Tramite il contrasto l’artista affronta l’analisi antitetica tra due età metaforicamente nominate: l’Estate e l’Inverno. I quadri sono sezionati da fasce di colori dominanti e significativi che costituiscono lo sfondo per due immagini emblematiche: la giovinezza con il cielo giallo come un sole sciolto, il corpo in estasi, travolto dalla passione, ammantato in una luce che spiraleggia infiammando tutto intorno, le cosce che riposano sul bianco del lenzuolo e le gambe che si perdono come le radici nella terra sono il simbolo del continuo rigenerarsi della vita. Mentre l’anziana è raffigurata con una prevalenza di colore biancastro, piegata, come se avesse paura di alzarsi e trovare sopra un cielo scuro che la aspetta, o per serbare le forze che le mancano; è scialba con la pelle raggrinzita, i capelli come lacci svigoriti; i seni pendono svuotati del miele della vita, la faccia stanca con il naso spigoloso, la bocca stretta in una linea amara; solo negli occhi brilla ancora un ultimo sguardo ironico verso ciò che diventa passato, una volta stemperata la fatica di vivere.

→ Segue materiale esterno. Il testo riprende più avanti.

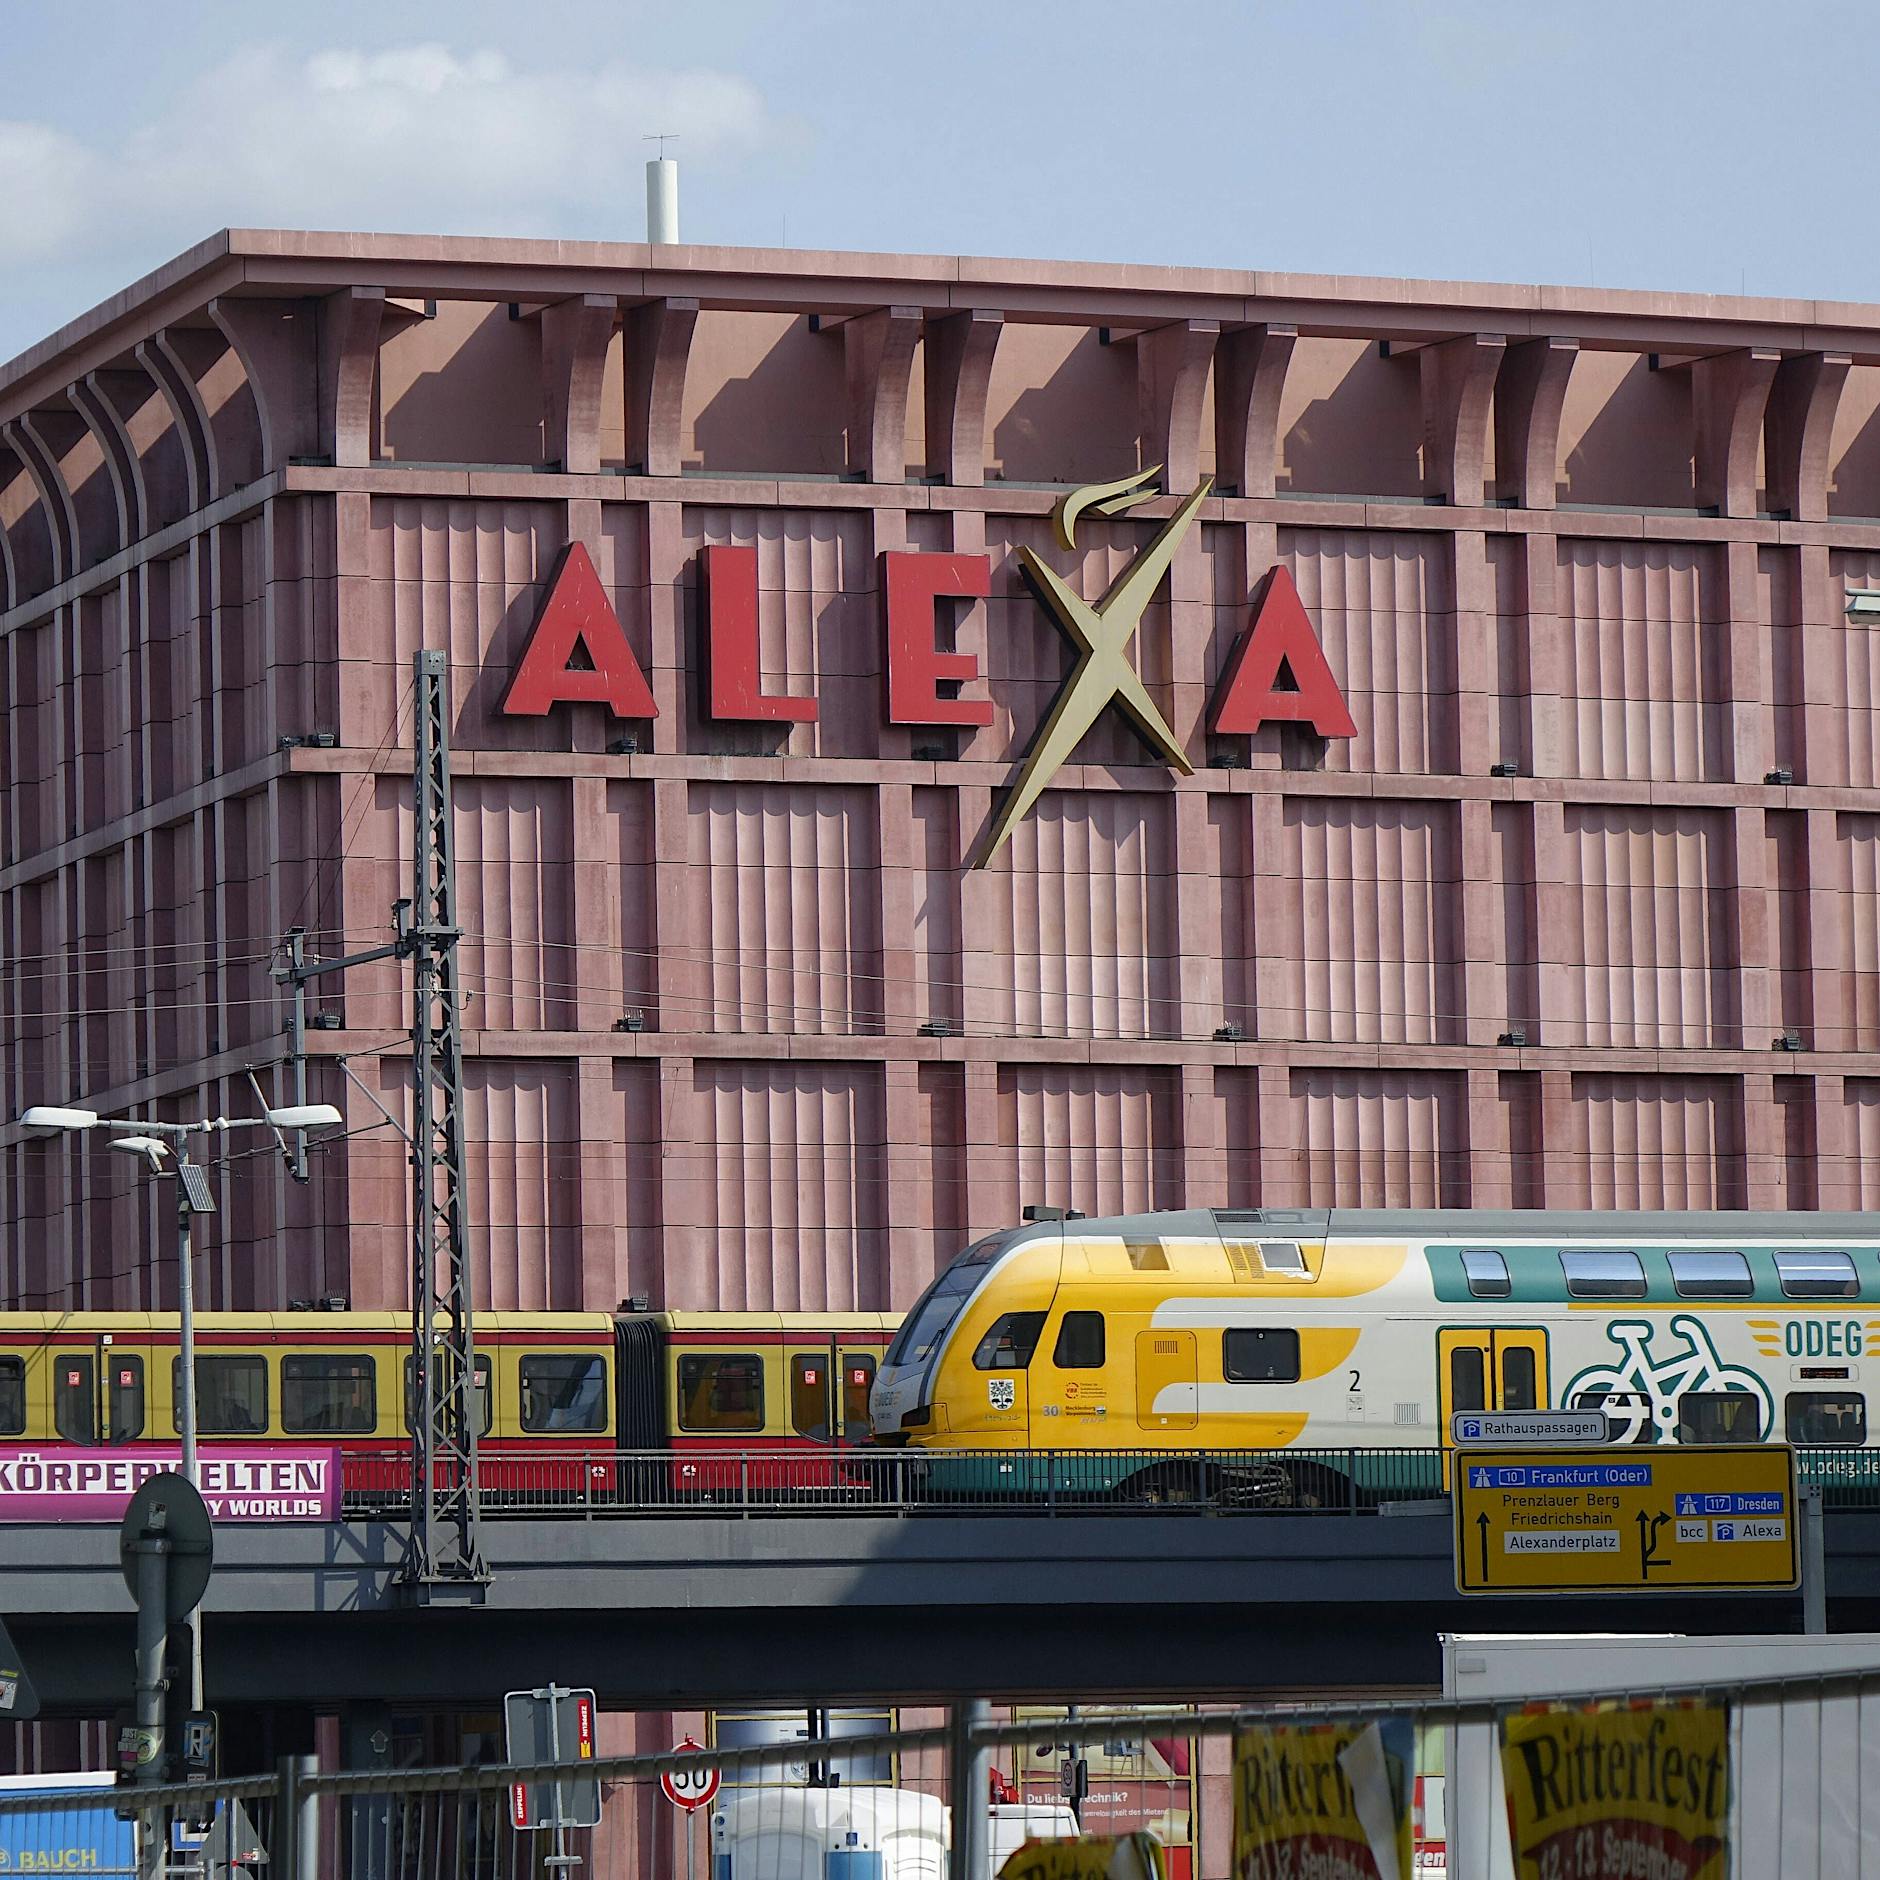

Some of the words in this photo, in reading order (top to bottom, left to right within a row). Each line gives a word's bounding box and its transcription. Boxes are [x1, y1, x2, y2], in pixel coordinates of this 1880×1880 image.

[502, 465, 1358, 868] ALEXA
[1786, 1320, 1862, 1357] ODEG
[1349, 1369, 1361, 1392] 2
[1485, 1422, 1597, 1435] Rathauspassagen
[0, 1456, 321, 1491] KÖRPERELTEN
[1505, 1471, 1518, 1483] 10
[1531, 1469, 1599, 1484] Frankfurt
[1605, 1468, 1648, 1483] (Oder)
[228, 1499, 322, 1516] WORLDS
[1503, 1494, 1579, 1507] Prenzlauer
[1587, 1493, 1620, 1508] Berg
[1710, 1498, 1725, 1510] 117
[1737, 1497, 1780, 1511] Dresden
[1511, 1511, 1613, 1526] Friedrichshain
[1680, 1525, 1704, 1538] bcc
[1743, 1524, 1782, 1537] Alexa
[1510, 1535, 1616, 1551] Alexanderplatz
[1511, 1717, 1724, 1824] Ritterfest
[1026, 1793, 1042, 1804] Du
[1044, 1793, 1071, 1804] liebs
[1081, 1792, 1128, 1804] echnik?
[19, 1847, 97, 1869] BAUCH

I piani paralleli dove al nero si contrappone il bianco o il rosso, li troviamo in quasi tutti i quadri: Girasoli, Recinto, Muro, La zucca, Nell’orto, Cancello, Nostalgia o nel disegno Mani; è il modo dell’artista di riscoprire l’intimo legame tra le cose, di forare il mistero che si nasconde dietro le apparenze.
Come donna sento l’arte del pittore molto vicina all’anima femminile, all’enigma, per tanti impenetrabile, della femminilità.

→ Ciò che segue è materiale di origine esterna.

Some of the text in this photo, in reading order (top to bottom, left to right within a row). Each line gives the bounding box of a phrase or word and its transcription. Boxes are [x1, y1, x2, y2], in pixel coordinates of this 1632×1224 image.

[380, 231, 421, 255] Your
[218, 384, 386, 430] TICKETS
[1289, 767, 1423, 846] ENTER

Quando ti avvicini all’artista per conoscerlo il suo cuore si apre come le porte del suo studio, una a una, in silenzio. Egli diventa un padre che presenta la sua opera come i suoi figli con tacito orgoglio, senza badare ai tuoi entusiasmi. Aspetta il momento quando la tua attenzione è appagata e poi ti porta in altre stanze dove ai tuoi labirinti di domande trovi le sue risposte in infinite interpretazioni, in cui l’accuratezza del disegno si incontra con la magia del colore.
Infine, carico di rappresentazioni, pensi che hai visto tutto, ma senti una voce come persa nella propria eco lontana che ti dice che ci sarebbe ancora qualcosa, come un segreto dell’anima, come una sorpresa, solo per chi se l’è guadagnata. All’improvviso scoppia la curiosità e ti precipiti in attesa; lo segui.
In uno spazio rettangolare c’è in posizione verticale un Cenacolo. Il dipinto è percorso da una luce abbagliante, che quasi ti fa scordare quanto hai visto prima; ti immergi in un’atmosfera divina fuori dell’ordine abituale: Gesù, colmato di luce, presiede a capo tavola, le sue braccia sono alzate verso l’alto per ricevere la pioggia di raggi brillanti simili a fulmini che si disperdono sulla piccola comunità. Gli apostoli come schiacciati da un peso, sembra vogliano scappare da quelle frecce dorate che scrutano nella profondità la loro coscienza.
C’è una luce anche sul volto dell’artista quando dice: «Nella mia pittura non c’è niente di profano, è come una liturgia in cui sento spesso la parola “verginità”».